In The Craft of Writing on February 12, 2010 at 8:39 am

I’ve yet to meet an author who looked forward to writing their novel synopsis. In fact, many believe it’s more difficult to write than the novel itself. Not to say it’s easy, but a few simple tenets can get you started.

Let’s first ask if a synopsis is even necessary these days. From reading the submission guidelines of agents, I see many don’t request one and that leads me to believe it has lost much of its influence. However, some still do, and as an aspiring author never knows which agent will represent them, it’s a good idea to have it ready.

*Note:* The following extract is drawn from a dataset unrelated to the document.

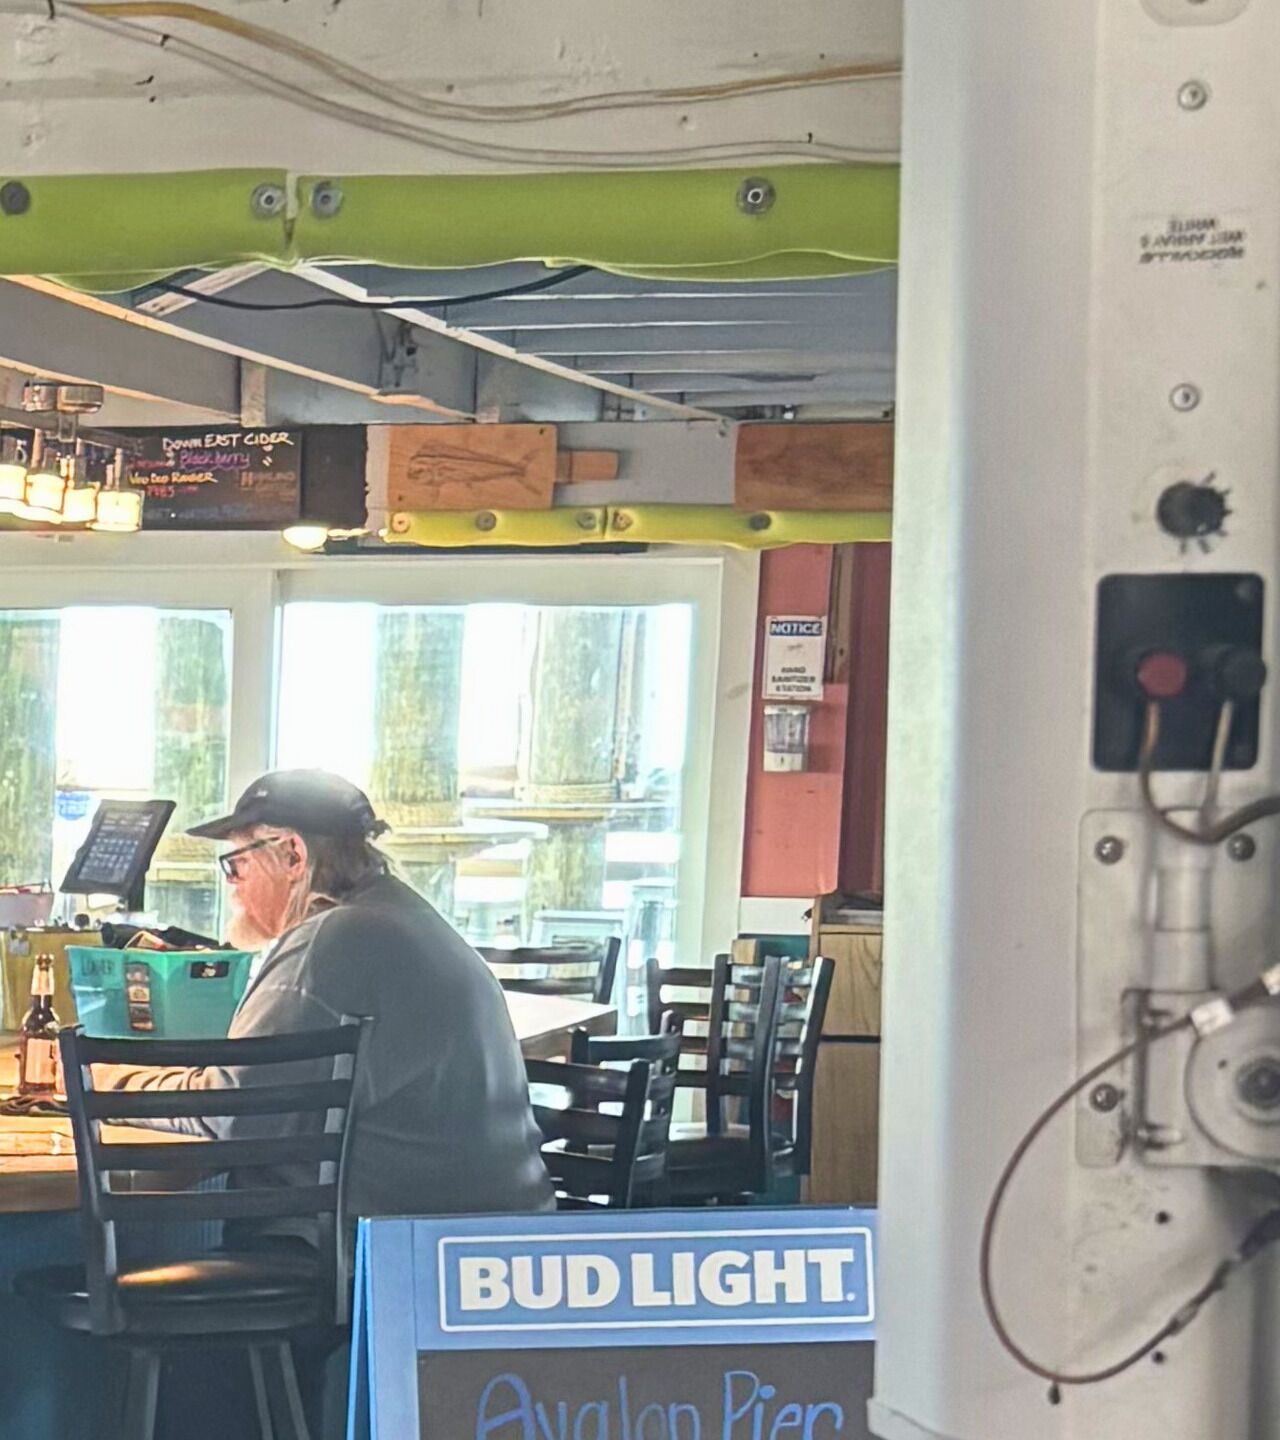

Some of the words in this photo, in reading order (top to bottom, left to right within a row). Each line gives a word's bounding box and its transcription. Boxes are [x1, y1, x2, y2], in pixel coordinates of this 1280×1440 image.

[770, 623, 822, 634] NOTICE
[459, 1254, 621, 1311] BUD
[630, 1248, 856, 1306] LIGHT

The second question is why would an agent would feel a synopsis necessary. The critical reason I found in researching this article is it can be THE pivotal item that gets an editor to read your manuscript. That’s enough for me right there. However, if you need more, consider the following. A well-crafted synopsis can assist the author in finding weak plot points and point you toward ways to polish your story arc. It also assists in improving characterization, plot and setting. Further, it is often utilized by various departments of a publishing house once they accept your novel.

We now know the if and why, but what about the what? What, after all, is a synopsis? Many confuse it with an outline which describes what occurs in the storyline, to whom it happens and when it happens. In contrast, a synopsis portrays the “why” of your story. The novel outline describes the action or what happens, whereas the synopsis offers the conflict or how your characters react to that action.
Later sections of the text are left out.